What the task asks ▸ Return all of the data verbatim, dropping any picture.

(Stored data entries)
◇ ◇ ◇ ◇
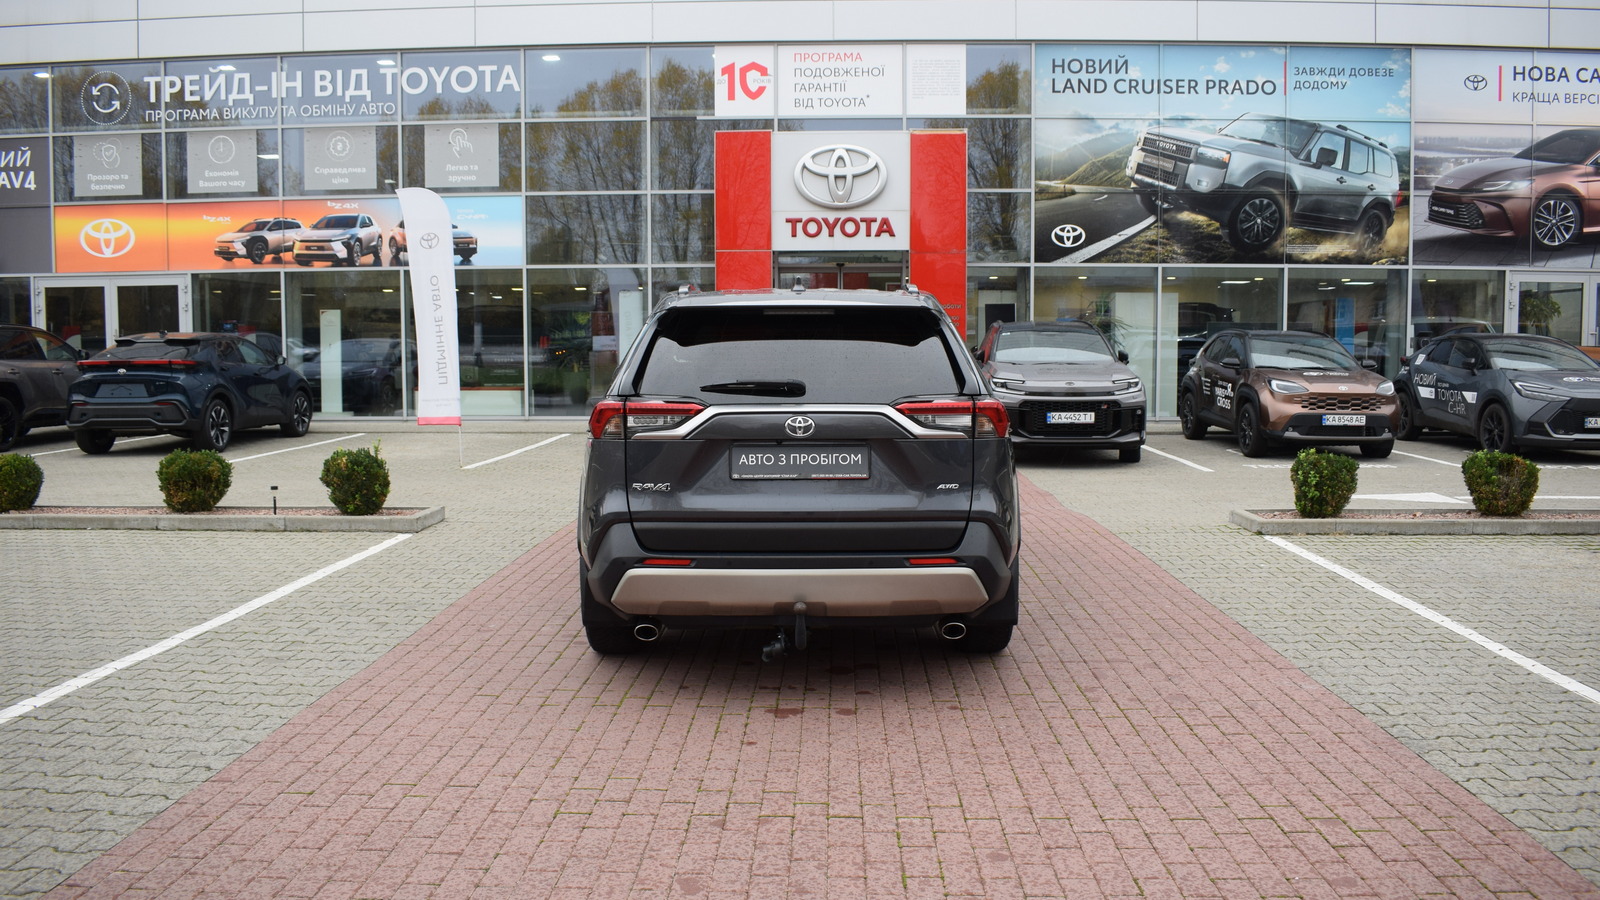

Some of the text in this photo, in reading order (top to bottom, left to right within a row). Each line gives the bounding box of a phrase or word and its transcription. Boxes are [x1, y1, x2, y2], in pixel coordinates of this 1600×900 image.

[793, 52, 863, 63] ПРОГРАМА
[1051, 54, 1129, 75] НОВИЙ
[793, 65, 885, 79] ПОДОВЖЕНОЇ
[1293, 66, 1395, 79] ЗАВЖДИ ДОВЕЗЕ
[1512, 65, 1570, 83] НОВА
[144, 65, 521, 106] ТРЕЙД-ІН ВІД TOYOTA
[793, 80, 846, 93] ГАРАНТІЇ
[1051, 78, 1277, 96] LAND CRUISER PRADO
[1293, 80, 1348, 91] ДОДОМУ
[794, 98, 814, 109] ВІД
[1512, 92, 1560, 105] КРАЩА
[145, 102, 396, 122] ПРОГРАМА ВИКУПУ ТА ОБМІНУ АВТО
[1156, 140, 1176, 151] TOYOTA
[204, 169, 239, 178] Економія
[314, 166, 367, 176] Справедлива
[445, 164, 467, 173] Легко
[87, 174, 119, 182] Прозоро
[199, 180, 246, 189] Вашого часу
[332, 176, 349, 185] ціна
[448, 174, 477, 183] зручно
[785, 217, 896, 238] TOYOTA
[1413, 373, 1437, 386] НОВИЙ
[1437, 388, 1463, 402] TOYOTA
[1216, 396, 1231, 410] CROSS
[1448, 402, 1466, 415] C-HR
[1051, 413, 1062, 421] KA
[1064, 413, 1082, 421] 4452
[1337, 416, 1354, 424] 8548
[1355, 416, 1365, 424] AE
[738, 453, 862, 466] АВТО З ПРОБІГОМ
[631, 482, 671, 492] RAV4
◇ ◇ ◇ ◇
Task result ▸
Some of the text in this photo, in reading order (top to bottom, left to right within a row). Each line gives the bounding box of a phrase or word and its transcription. Boxes are [x1, y1, x2, y2], in pixel coordinates of this 1600×900 image.

[793, 52, 863, 63] ПРОГРАМА
[1051, 54, 1129, 75] НОВИЙ
[793, 65, 885, 79] ПОДОВЖЕНОЇ
[1293, 66, 1395, 79] ЗАВЖДИ ДОВЕЗЕ
[1512, 65, 1570, 83] НОВА
[144, 65, 521, 106] ТРЕЙД-ІН ВІД TOYOTA
[793, 80, 846, 93] ГАРАНТІЇ
[1051, 78, 1277, 96] LAND CRUISER PRADO
[1293, 80, 1348, 91] ДОДОМУ
[794, 98, 814, 109] ВІД
[1512, 92, 1560, 105] КРАЩА
[145, 102, 396, 122] ПРОГРАМА ВИКУПУ ТА ОБМІНУ АВТО
[1156, 140, 1176, 151] TOYOTA
[204, 169, 239, 178] Економія
[314, 166, 367, 176] Справедлива
[445, 164, 467, 173] Легко
[87, 174, 119, 182] Прозоро
[199, 180, 246, 189] Вашого часу
[332, 176, 349, 185] ціна
[448, 174, 477, 183] зручно
[785, 217, 896, 238] TOYOTA
[1413, 373, 1437, 386] НОВИЙ
[1437, 388, 1463, 402] TOYOTA
[1216, 396, 1231, 410] CROSS
[1448, 402, 1466, 415] C-HR
[1051, 413, 1062, 421] KA
[1064, 413, 1082, 421] 4452
[1337, 416, 1354, 424] 8548
[1355, 416, 1365, 424] AE
[738, 453, 862, 466] АВТО З ПРОБІГОМ
[631, 482, 671, 492] RAV4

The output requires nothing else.